Task inputs START
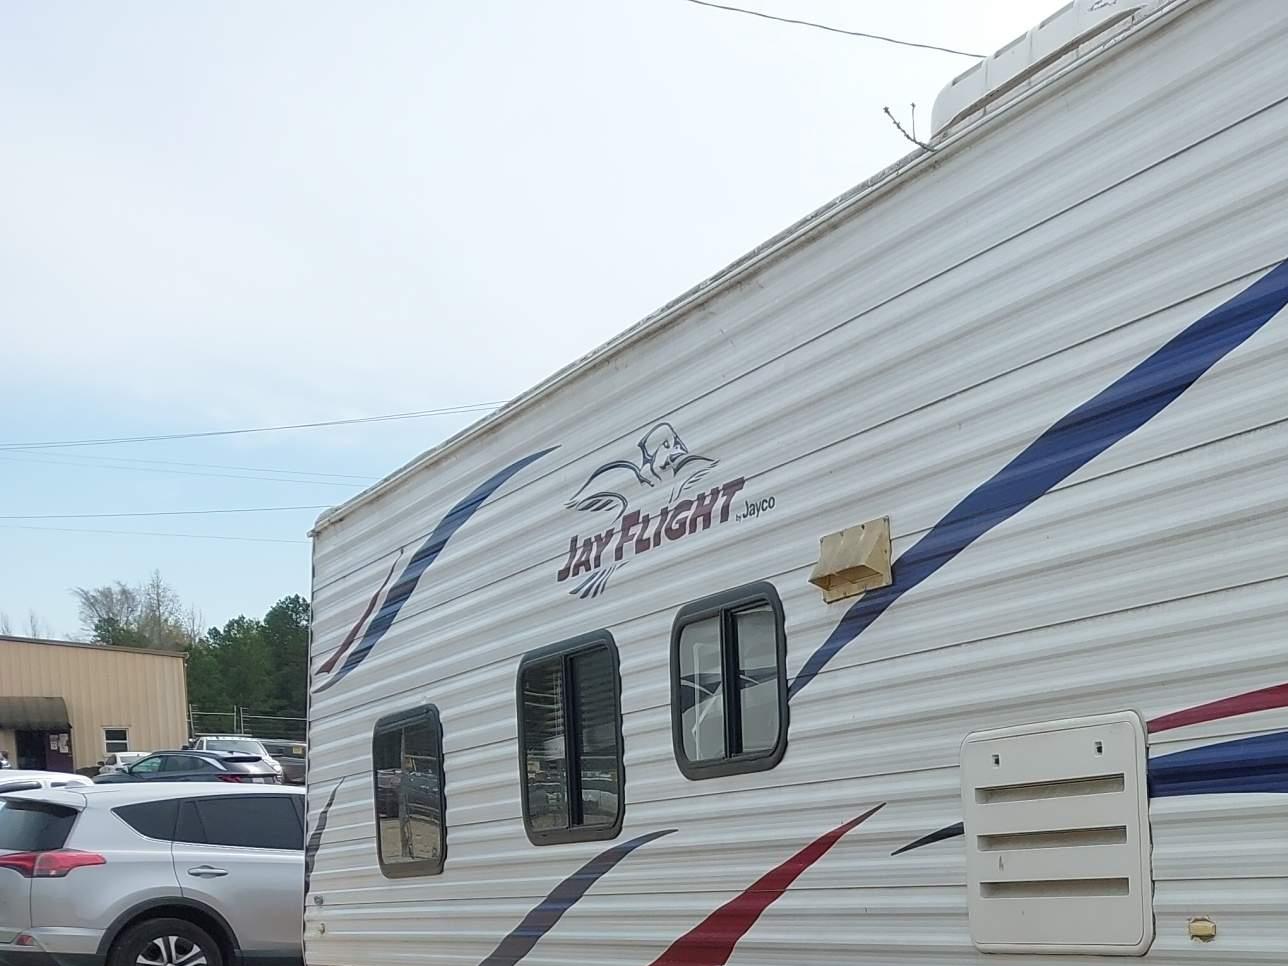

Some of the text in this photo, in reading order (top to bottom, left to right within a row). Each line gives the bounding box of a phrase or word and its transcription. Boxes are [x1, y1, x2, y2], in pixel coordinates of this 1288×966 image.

[557, 528, 615, 582] JAY
[614, 476, 746, 562] FLIGHT
[743, 496, 775, 519] Jayco
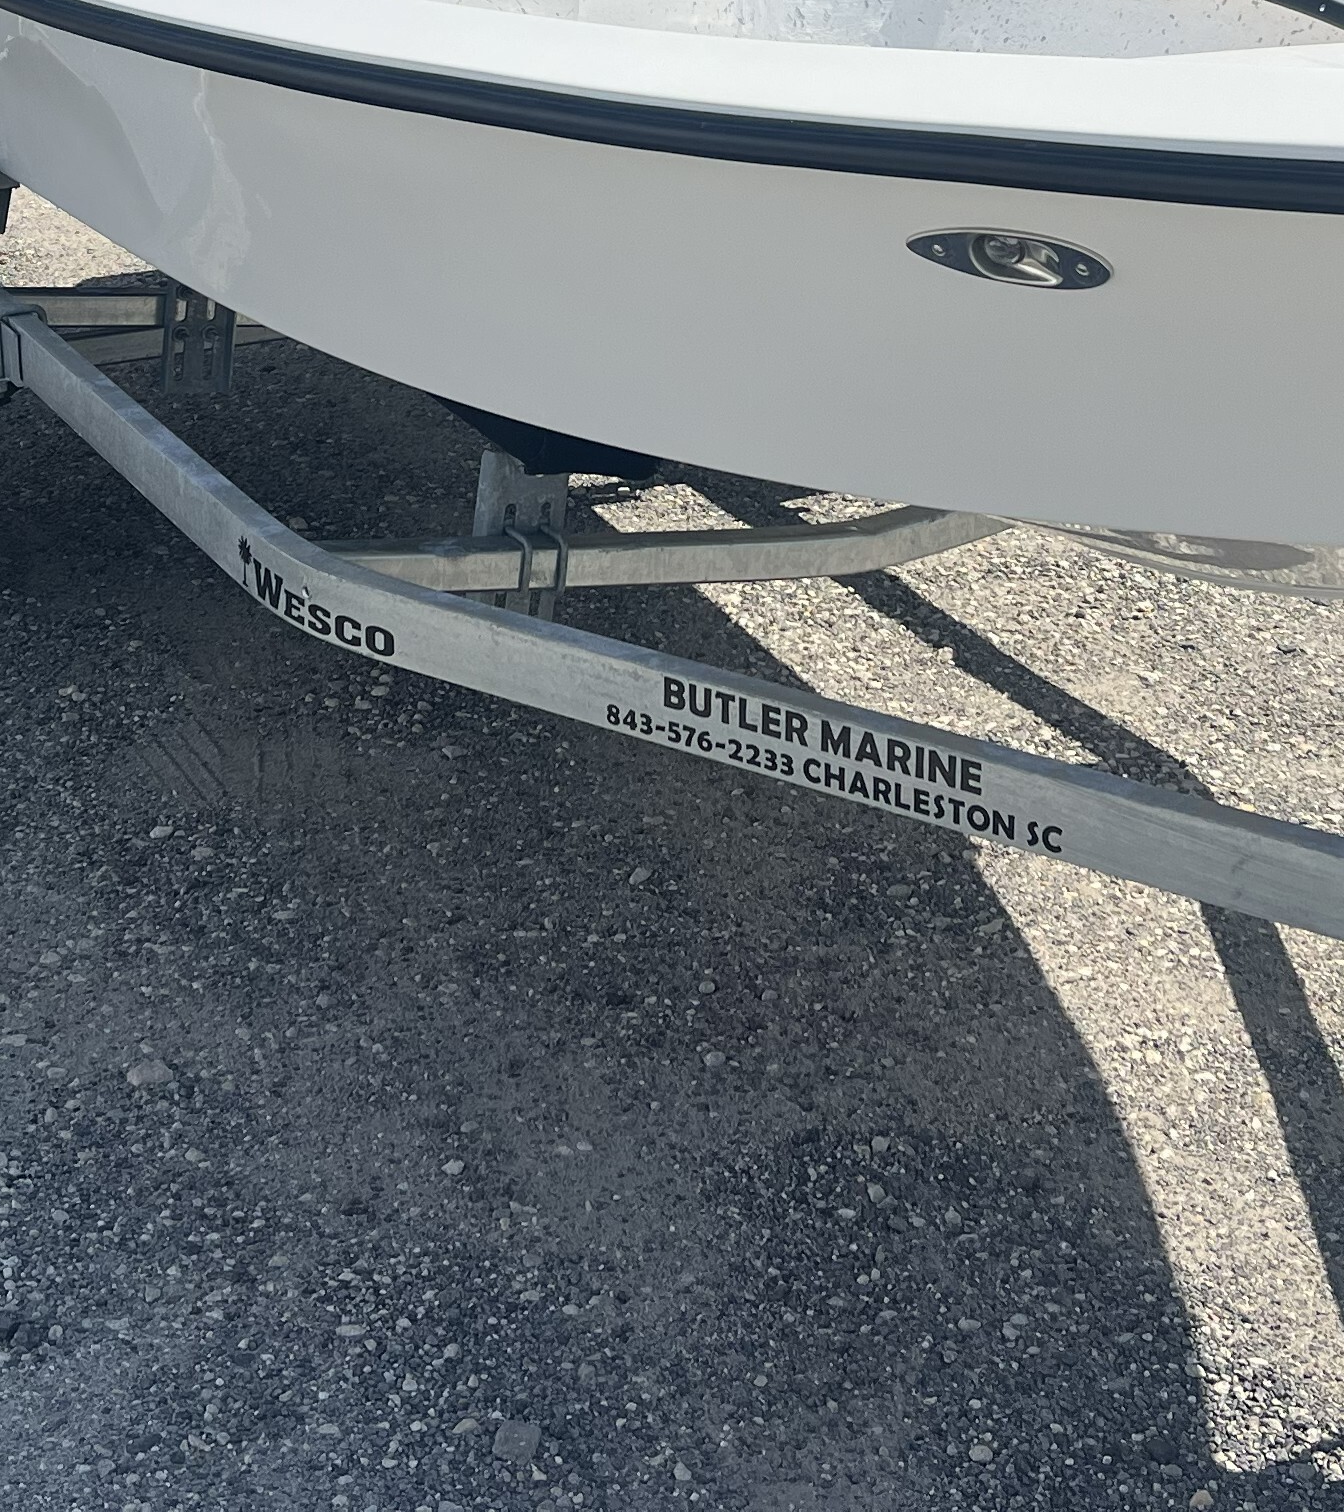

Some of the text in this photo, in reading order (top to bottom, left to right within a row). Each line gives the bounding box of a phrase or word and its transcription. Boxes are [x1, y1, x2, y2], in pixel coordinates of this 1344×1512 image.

[606, 704, 1064, 853] 843-576-2233 CHARLESTON SC
[663, 675, 983, 796] BUTLER MARINE
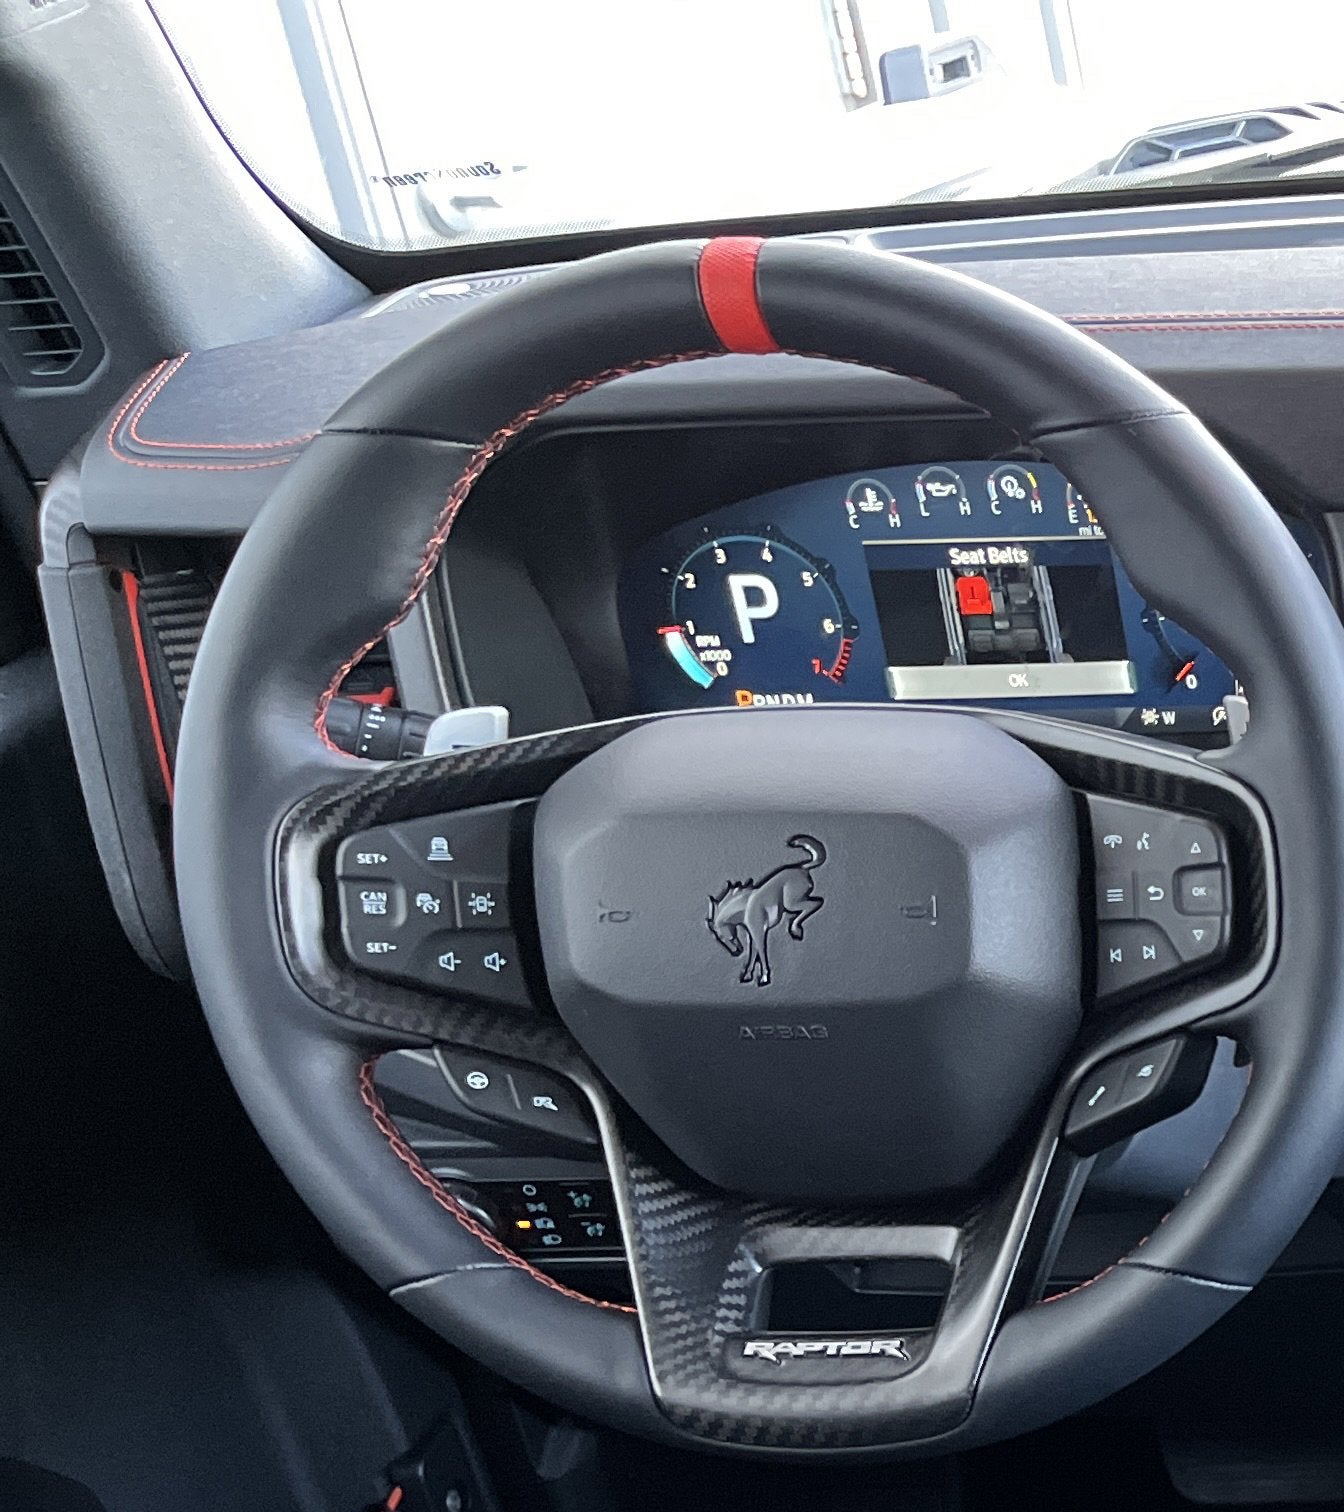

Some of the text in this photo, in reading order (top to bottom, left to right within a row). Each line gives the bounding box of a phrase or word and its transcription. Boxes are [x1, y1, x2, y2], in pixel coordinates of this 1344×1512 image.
Task inputs END
◆ **Your assignment**: Quote each entry above verbatim and drop the pictures.

◆ **Written reply**:
Some of the text in this photo, in reading order (top to bottom, left to right within a row). Each line gives the bounding box of a phrase or word and its transcription. Boxes are [x1, y1, x2, y2], in pixel coordinates of this 1288×966 image.

[557, 528, 615, 582] JAY
[614, 476, 746, 562] FLIGHT
[743, 496, 775, 519] Jayco

Some of the text in this photo, in reading order (top to bottom, left to right within a row). Each line gives the bounding box of a phrase or word and its transcription. Boxes are [x1, y1, x2, y2], in pixel coordinates of this 1344×1512 image.

[606, 704, 1064, 853] 843-576-2233 CHARLESTON SC
[663, 675, 983, 796] BUTLER MARINE

Some of the text in this photo, in reading order (top to bottom, left to right within a row). Each line gives the bounding box of a phrase or word and its transcription. Boxes are [x1, y1, x2, y2], in pixel coordinates of this 1344×1512 image.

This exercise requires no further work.